Task inputs Start Marker
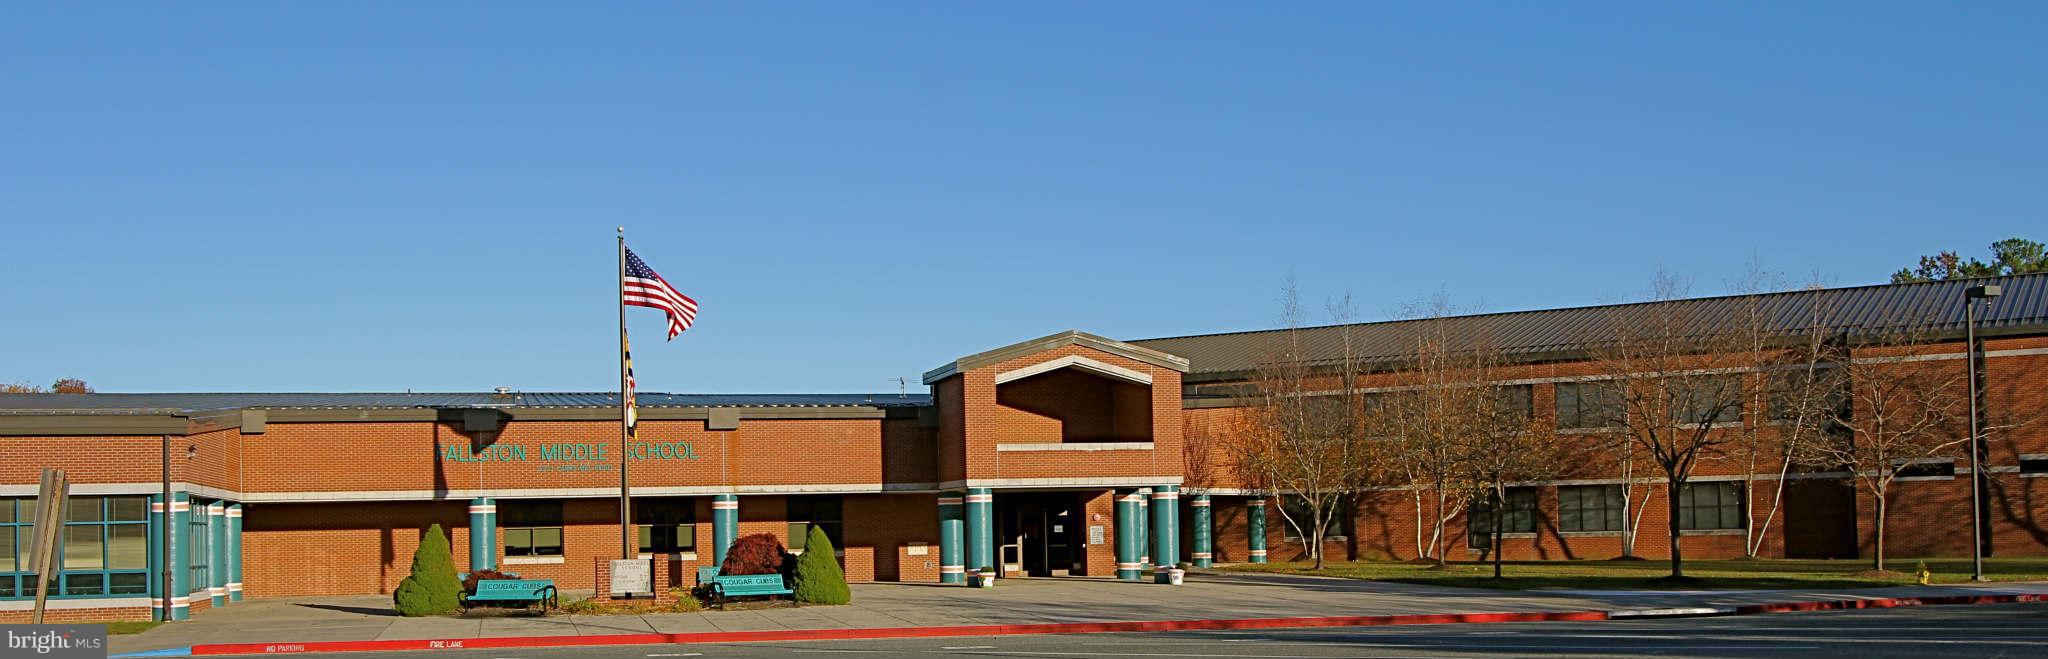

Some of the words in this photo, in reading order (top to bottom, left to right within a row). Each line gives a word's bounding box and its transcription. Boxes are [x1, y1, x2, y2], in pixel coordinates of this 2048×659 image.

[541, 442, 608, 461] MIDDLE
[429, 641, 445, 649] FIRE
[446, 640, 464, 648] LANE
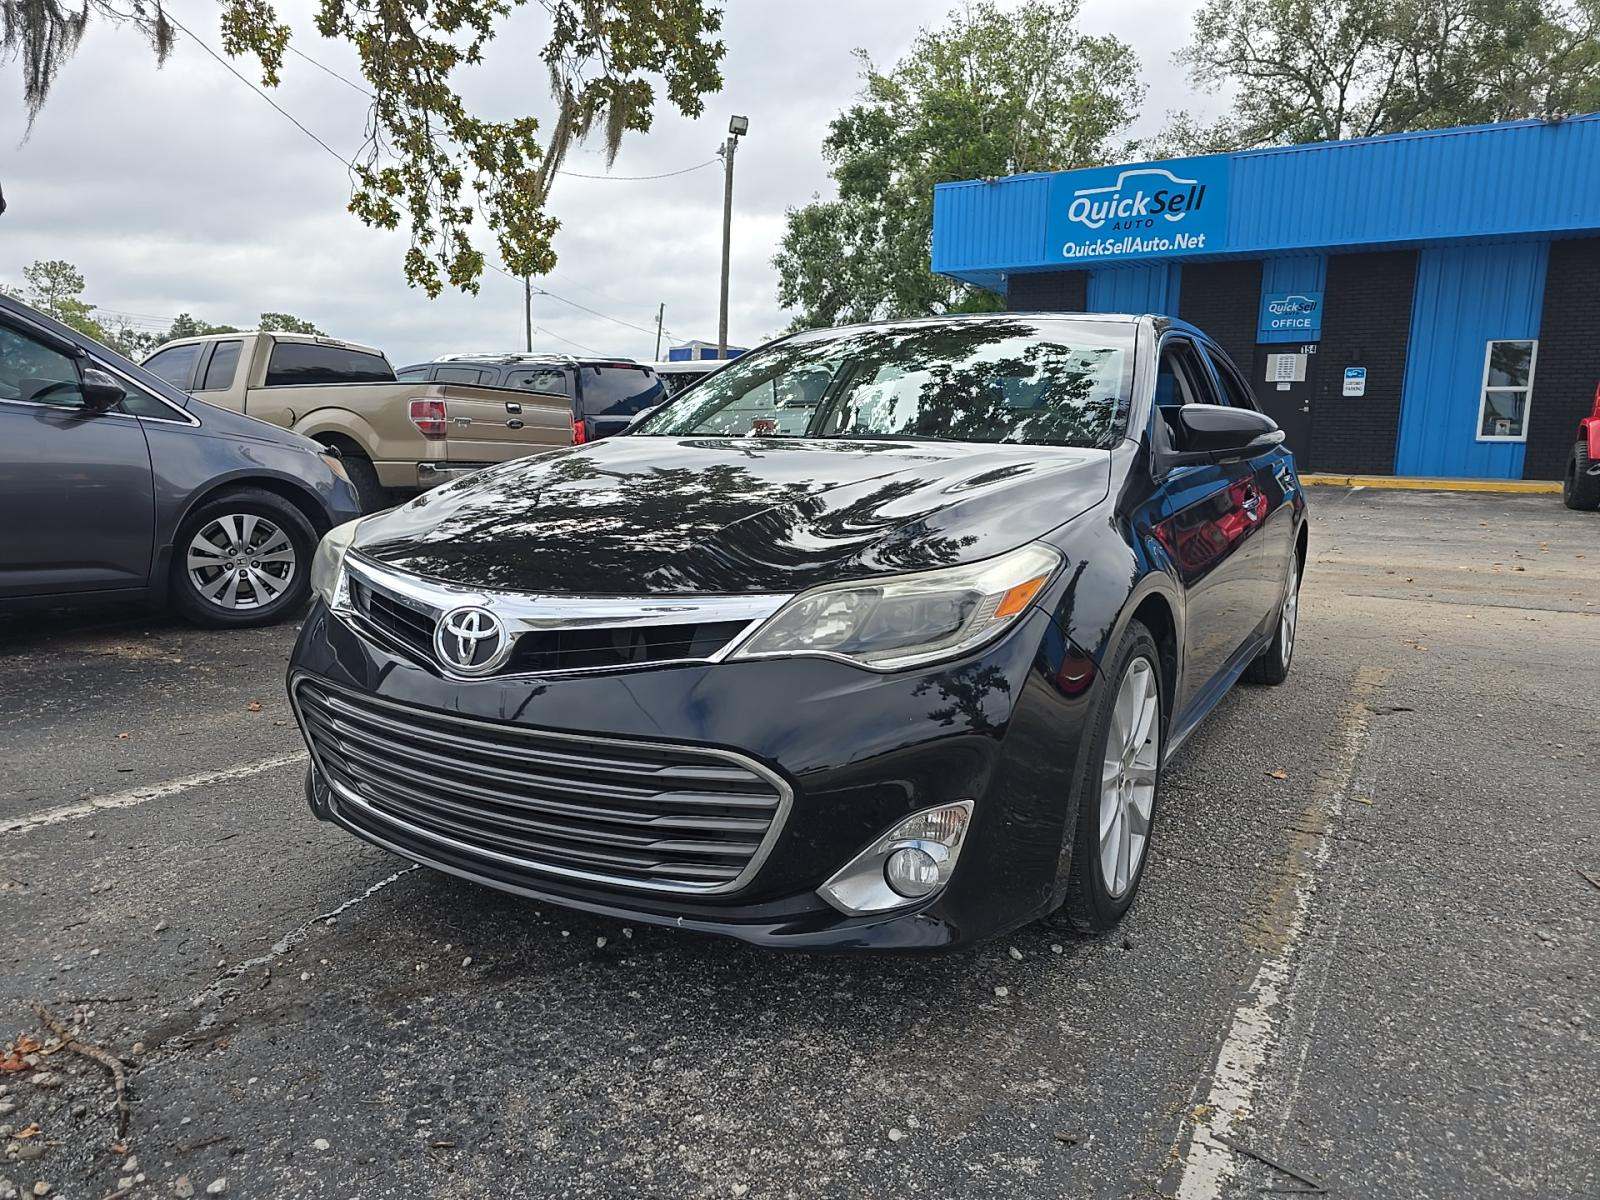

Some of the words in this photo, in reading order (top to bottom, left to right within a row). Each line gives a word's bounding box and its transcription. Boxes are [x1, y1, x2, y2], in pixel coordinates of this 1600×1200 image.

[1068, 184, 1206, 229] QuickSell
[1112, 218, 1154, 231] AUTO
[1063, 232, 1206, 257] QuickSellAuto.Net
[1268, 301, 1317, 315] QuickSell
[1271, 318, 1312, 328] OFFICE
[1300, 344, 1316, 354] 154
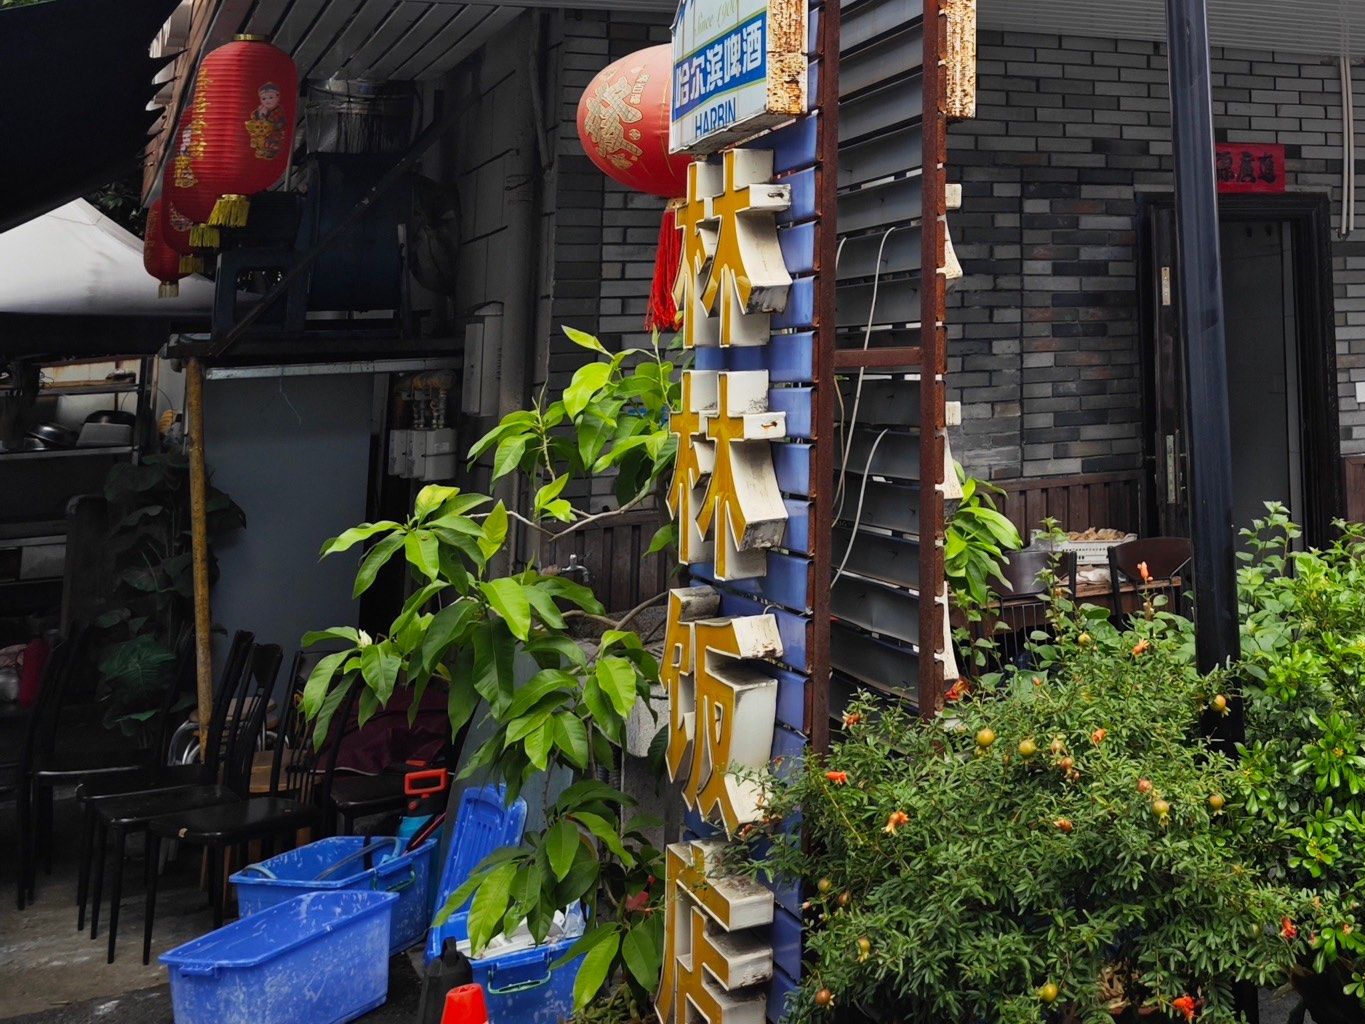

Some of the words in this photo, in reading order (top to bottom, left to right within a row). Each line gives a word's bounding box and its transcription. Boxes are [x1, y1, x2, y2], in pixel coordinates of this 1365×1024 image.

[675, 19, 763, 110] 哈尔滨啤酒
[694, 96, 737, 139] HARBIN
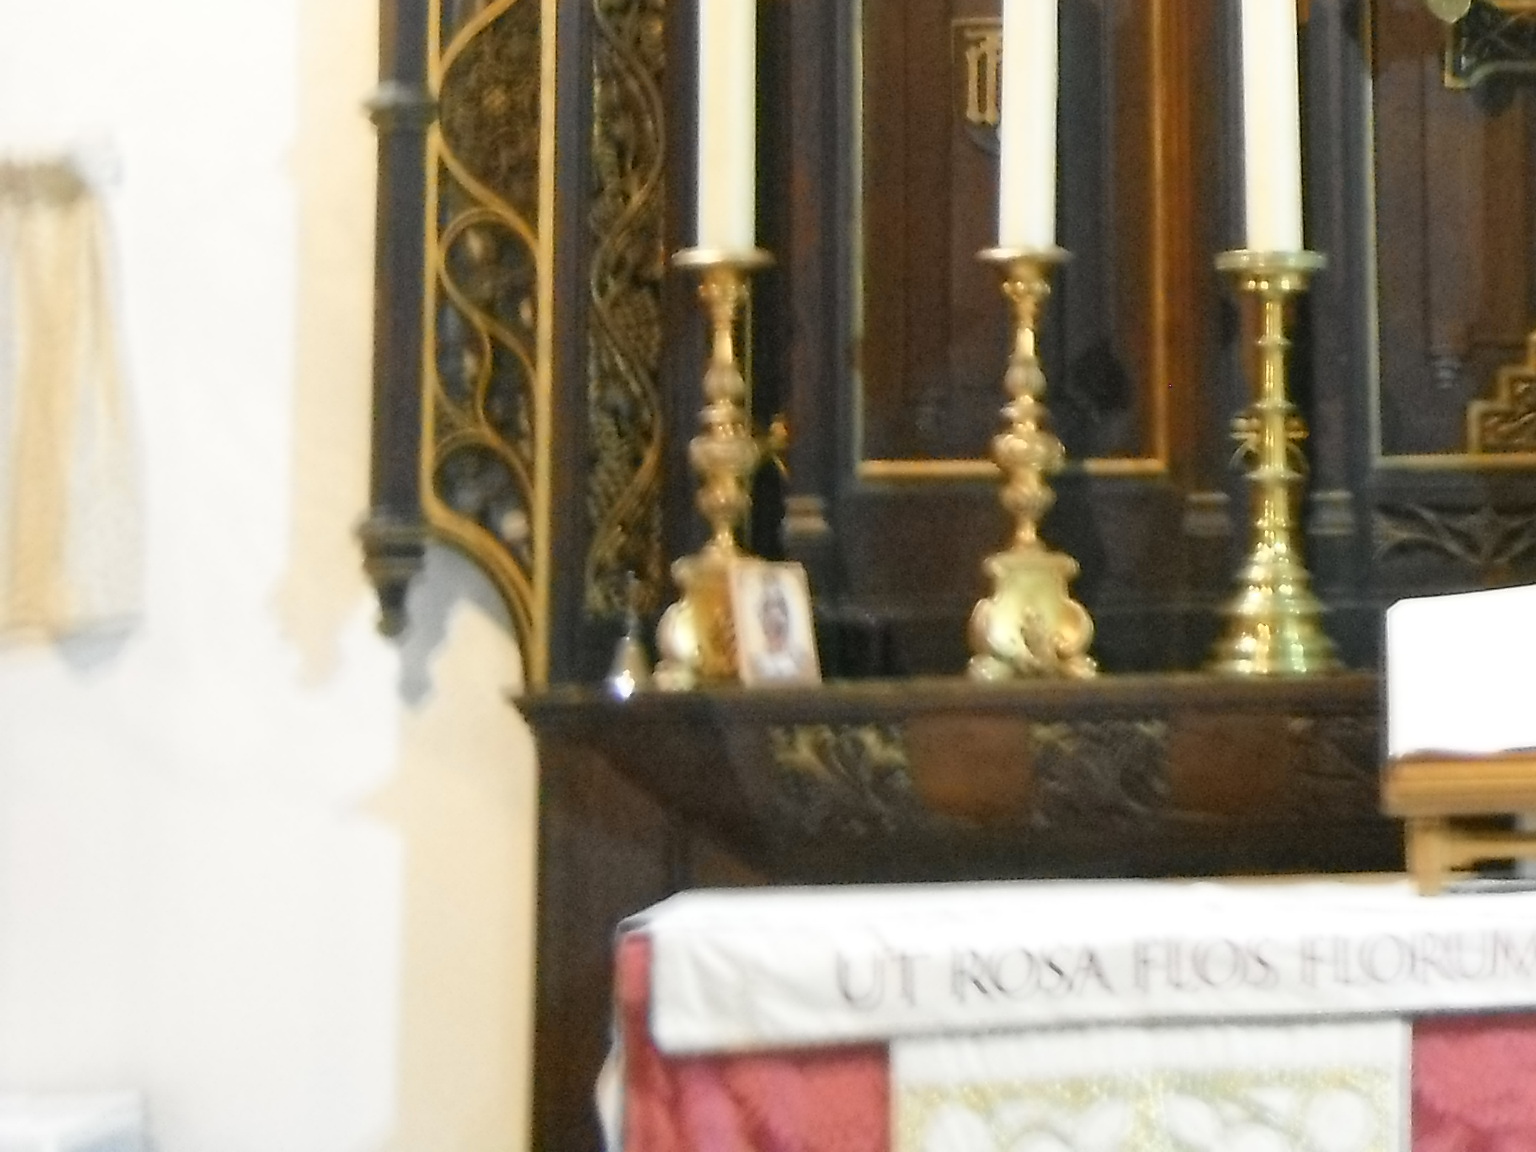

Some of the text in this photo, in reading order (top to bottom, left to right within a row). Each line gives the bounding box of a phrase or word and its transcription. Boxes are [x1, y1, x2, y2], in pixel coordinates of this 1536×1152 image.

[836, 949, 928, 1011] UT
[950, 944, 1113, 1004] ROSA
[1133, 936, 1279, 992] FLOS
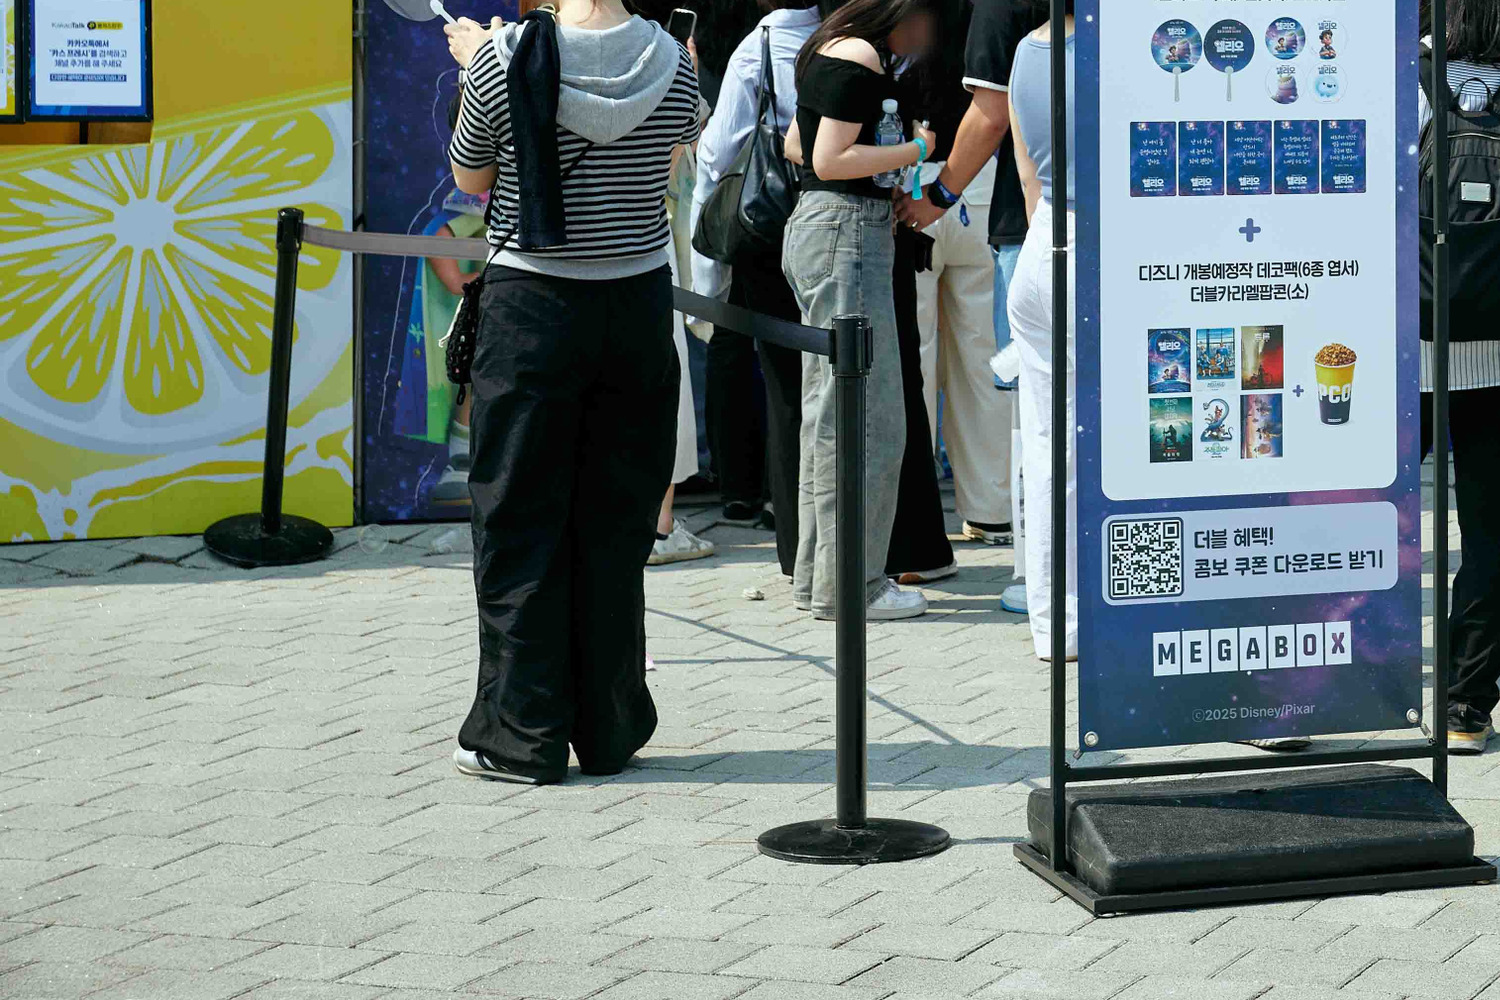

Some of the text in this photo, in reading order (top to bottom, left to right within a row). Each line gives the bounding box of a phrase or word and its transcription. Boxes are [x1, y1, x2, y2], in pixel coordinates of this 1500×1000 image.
Task inputs End Marker
» **Task description**
Omit all pictures while transcribing the entries verbatim.

» **Exercise solution**
Some of the words in this photo, in reading order (top to bottom, left to right within a row). Each line gives a word's bounding box and its transcription. Boxes are [x1, y1, x2, y2], in pixel coordinates of this 2048×659 image.

[541, 442, 608, 461] MIDDLE
[429, 641, 445, 649] FIRE
[446, 640, 464, 648] LANE

Some of the words in this photo, in reading order (top to bottom, left to right within a row). Each line gives a word's bounding box and its transcription. Boxes are [x1, y1, x2, y2], in pixel coordinates of this 1600×1200 image.

[1068, 184, 1206, 229] QuickSell
[1112, 218, 1154, 231] AUTO
[1063, 232, 1206, 257] QuickSellAuto.Net
[1268, 301, 1317, 315] QuickSell
[1271, 318, 1312, 328] OFFICE
[1300, 344, 1316, 354] 154

Some of the words in this photo, in reading order (top to bottom, left to right within a row). Each line gives a word's bounding box and its transcription. Boxes are [x1, y1, x2, y2], in pixel coordinates of this 1365×1024 image.

[675, 19, 763, 110] 哈尔滨啤酒
[694, 96, 737, 139] HARBIN

Some of the text in this photo, in reading order (top to bottom, left to right within a row). Each line gives the bounding box of a phrase or word and its transcription. Boxes are [x1, y1, x2, y2], in pixel coordinates of this 1536×1152 image.

[836, 949, 928, 1011] UT
[950, 944, 1113, 1004] ROSA
[1133, 936, 1279, 992] FLOS

Some of the text in this photo, in reading order (top to bottom, left to right within a row). Each line gives the bounding box of a phrase or word and its transcription. Boxes are [x1, y1, x2, y2], in pixel coordinates of this 1500×1000 image.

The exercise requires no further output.